■ **Exercise goal**:
Print the records exactly as they are written.

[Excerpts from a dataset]
··········

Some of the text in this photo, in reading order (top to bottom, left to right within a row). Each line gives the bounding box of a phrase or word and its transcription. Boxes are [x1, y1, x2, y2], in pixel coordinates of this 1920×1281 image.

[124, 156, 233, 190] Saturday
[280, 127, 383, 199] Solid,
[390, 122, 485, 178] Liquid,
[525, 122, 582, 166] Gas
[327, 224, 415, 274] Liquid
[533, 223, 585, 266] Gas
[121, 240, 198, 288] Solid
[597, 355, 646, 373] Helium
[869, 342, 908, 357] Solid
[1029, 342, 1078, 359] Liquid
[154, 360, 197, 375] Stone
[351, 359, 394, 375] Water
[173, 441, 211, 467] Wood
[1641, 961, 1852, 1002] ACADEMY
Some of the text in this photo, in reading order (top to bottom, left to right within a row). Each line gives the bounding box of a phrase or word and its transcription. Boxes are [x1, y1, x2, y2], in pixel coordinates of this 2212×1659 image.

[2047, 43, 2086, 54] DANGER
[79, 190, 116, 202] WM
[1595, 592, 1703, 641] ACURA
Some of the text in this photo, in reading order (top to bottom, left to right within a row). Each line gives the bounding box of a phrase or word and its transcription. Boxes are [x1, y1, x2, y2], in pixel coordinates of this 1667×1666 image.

··········

■ **Response area**:
Some of the text in this photo, in reading order (top to bottom, left to right within a row). Each line gives the bounding box of a phrase or word and its transcription. Boxes are [x1, y1, x2, y2], in pixel coordinates of this 1920×1281 image.

[124, 156, 233, 190] Saturday
[280, 127, 383, 199] Solid,
[390, 122, 485, 178] Liquid,
[525, 122, 582, 166] Gas
[327, 224, 415, 274] Liquid
[533, 223, 585, 266] Gas
[121, 240, 198, 288] Solid
[597, 355, 646, 373] Helium
[869, 342, 908, 357] Solid
[1029, 342, 1078, 359] Liquid
[154, 360, 197, 375] Stone
[351, 359, 394, 375] Water
[173, 441, 211, 467] Wood
[1641, 961, 1852, 1002] ACADEMY
Some of the text in this photo, in reading order (top to bottom, left to right within a row). Each line gives the bounding box of a phrase or word and its transcription. Boxes are [x1, y1, x2, y2], in pixel coordinates of this 2212×1659 image.

[2047, 43, 2086, 54] DANGER
[79, 190, 116, 202] WM
[1595, 592, 1703, 641] ACURA
Some of the text in this photo, in reading order (top to bottom, left to right within a row). Each line gives the bounding box of a phrase or word and its transcription. Boxes are [x1, y1, x2, y2], in pixel coordinates of this 1667×1666 image.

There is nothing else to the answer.